If the State Supreme Court has held that an appellate court cannot rule on issues which were not raised at trial, how does that square with their statement that an appellate court can also address any item which may affect the case? Would this be limited to constitutional issues and fundamental errors?And here are my answers:
In addition, the Second District recently dropped a footnote in Smith v. State, 29 Fla. L. Weekly D1295 (Fla. 2d DCA May 28, 2004) which reads:
Because Smith's case must be retried, we mention another aspect of Smith's trial that was not argued in the briefs filed in this appeal. The prosecutors played for the jury the audiotapes of two lengthy interviews with Smith by sheriff's deputies. Upon retrial, if the State again seeks admission of these tape-recorded interviews into evidence, we suggest that the trial court consider whether some statements by Smith or the interrogating officers or both should be redacted.
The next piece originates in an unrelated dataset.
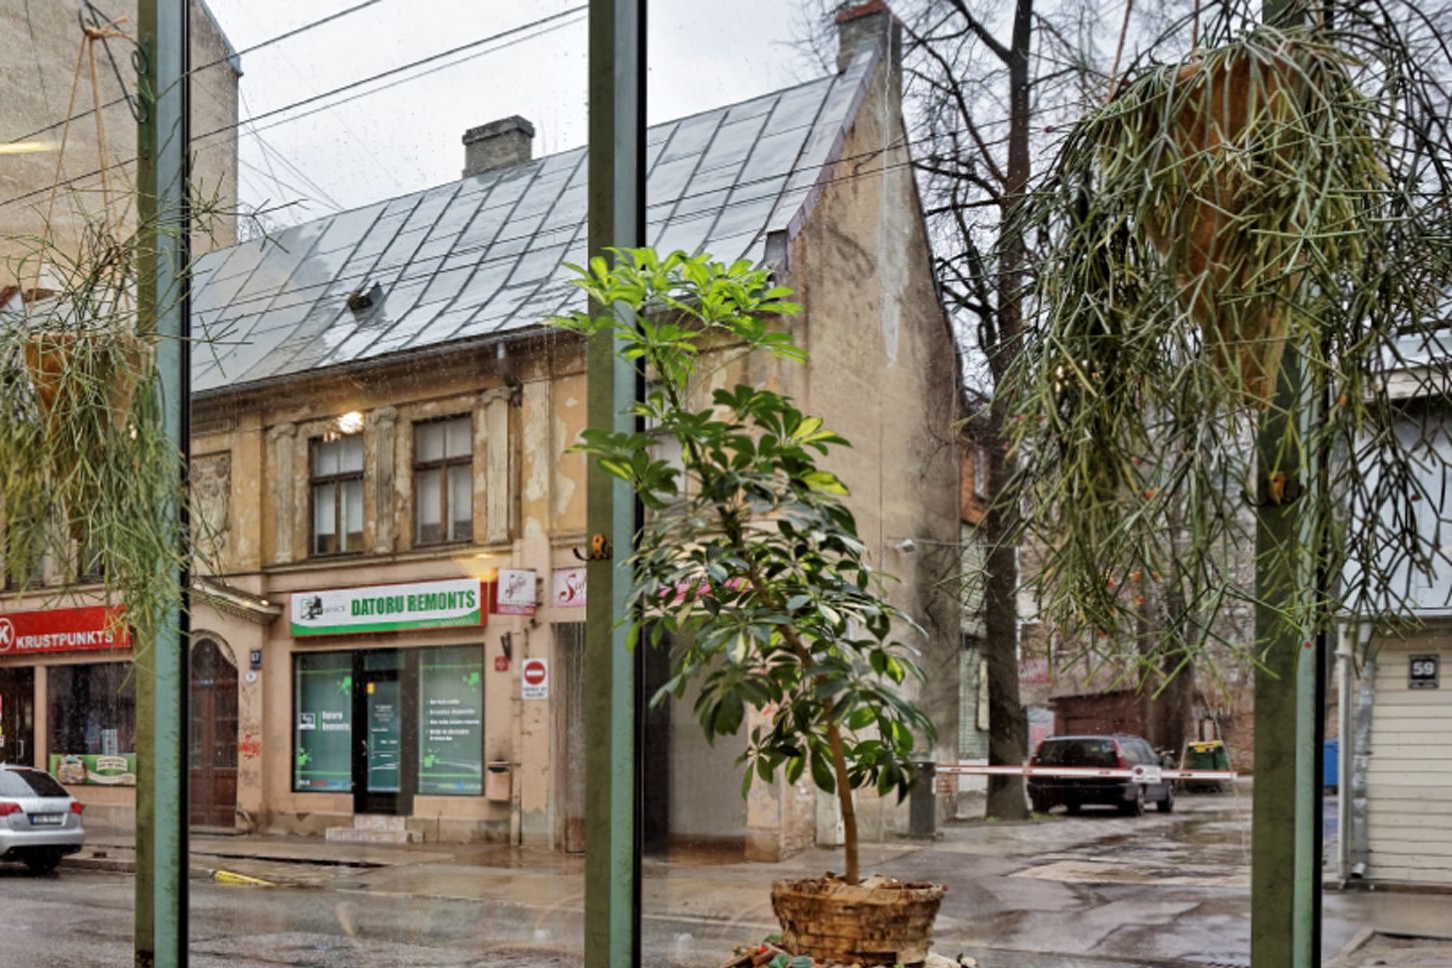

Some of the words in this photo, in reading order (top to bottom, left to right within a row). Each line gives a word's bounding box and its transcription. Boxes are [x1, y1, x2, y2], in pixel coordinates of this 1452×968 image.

[351, 594, 405, 617] DATORU
[407, 589, 476, 612] REMONTS
[16, 630, 114, 649] KRUSTPUNKTS
[1412, 661, 1436, 676] 59
See §§ 90.403, 90.801-.802; Martinez v. State, 761 So. 2d 1074, 1079 (Fla. 2000); Worden v. State, 603 So. 2d 581, 583 (Fla. 2d DCA 1992).[I]f appellate courts in general will not address an issue raised for the first time on appeal, how can the Second District address something that wasn't even raised or briefed to them? Could it be distinguished on the basis that it was 1) dropped in a footnote and was not part of the ruling; 2) only a 'suggestion' to the trial court and not an order; and 3) couched as something the trial court should 'consider' as opposed to an error which required correcting?
Smith at D1302, n.5.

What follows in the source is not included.